Problem: Set the images aside and retype the whole listing exactly.

Raw data:
★ ★ ★ ★

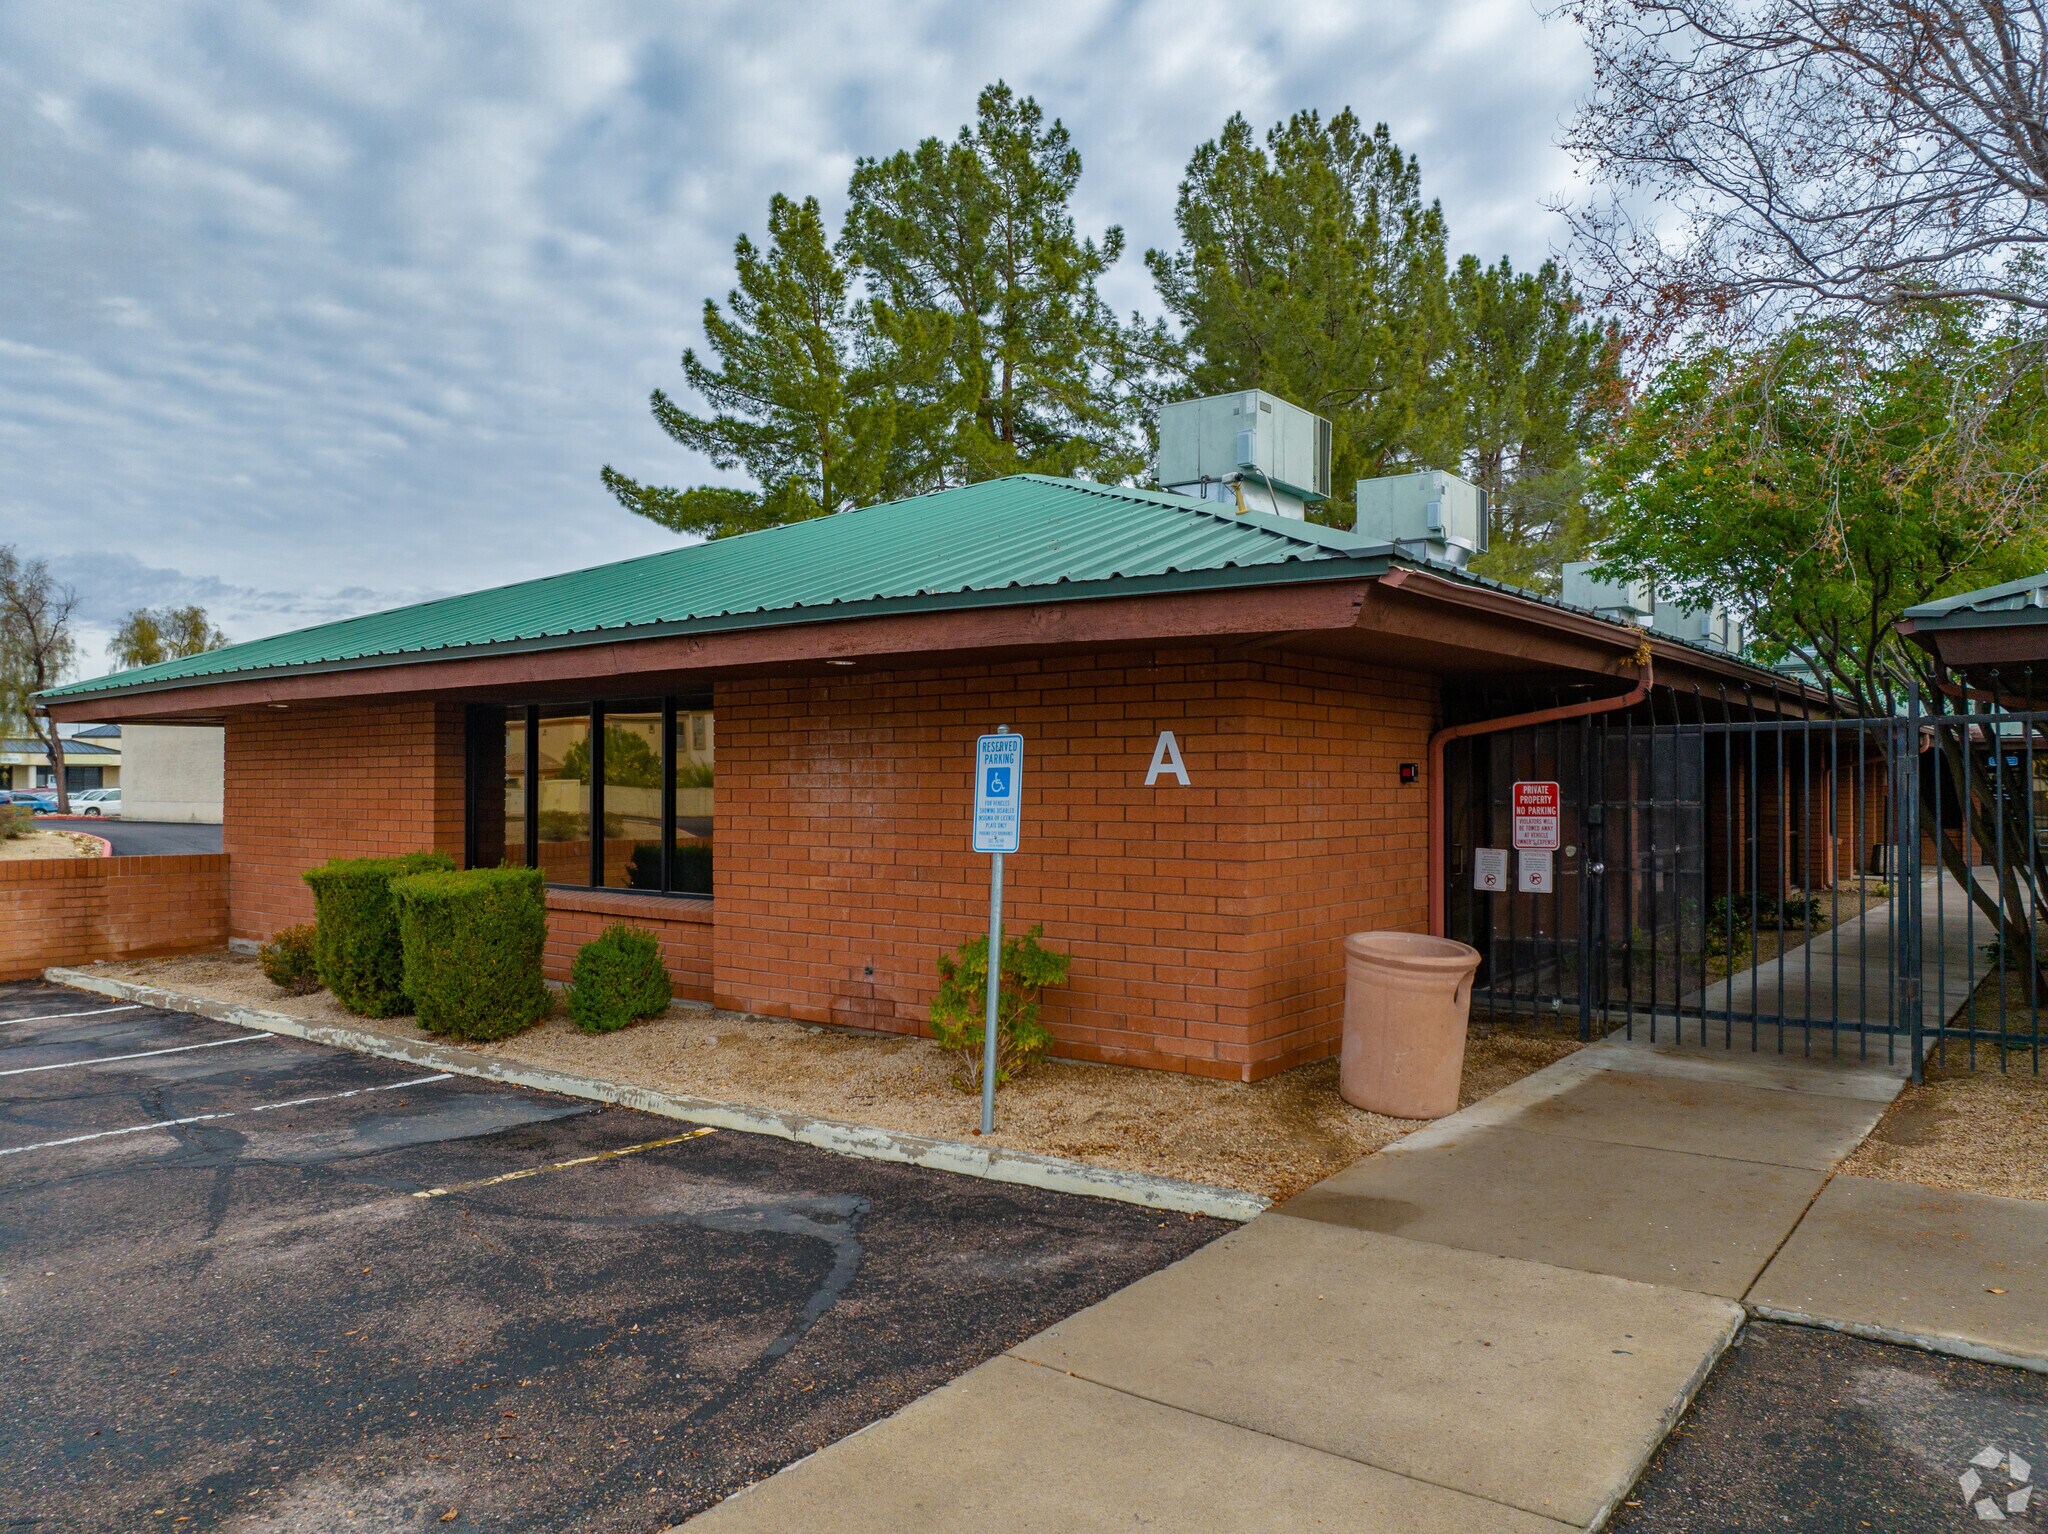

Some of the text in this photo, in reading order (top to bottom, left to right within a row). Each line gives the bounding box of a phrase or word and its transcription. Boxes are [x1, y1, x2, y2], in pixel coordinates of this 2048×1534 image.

[982, 741, 1017, 752] RESERVED
[984, 753, 1014, 764] PARKING
[1144, 731, 1191, 785] A
[1523, 785, 1549, 795] PRIVATE
[1519, 795, 1552, 804] PROPERTY
[1516, 806, 1557, 815] NO PARKING

★ ★ ★ ★

Finished exercise:
Some of the text in this photo, in reading order (top to bottom, left to right within a row). Each line gives the bounding box of a phrase or word and its transcription. Boxes are [x1, y1, x2, y2], in pixel coordinates of this 2048×1534 image.

[982, 741, 1017, 752] RESERVED
[984, 753, 1014, 764] PARKING
[1144, 731, 1191, 785] A
[1523, 785, 1549, 795] PRIVATE
[1519, 795, 1552, 804] PROPERTY
[1516, 806, 1557, 815] NO PARKING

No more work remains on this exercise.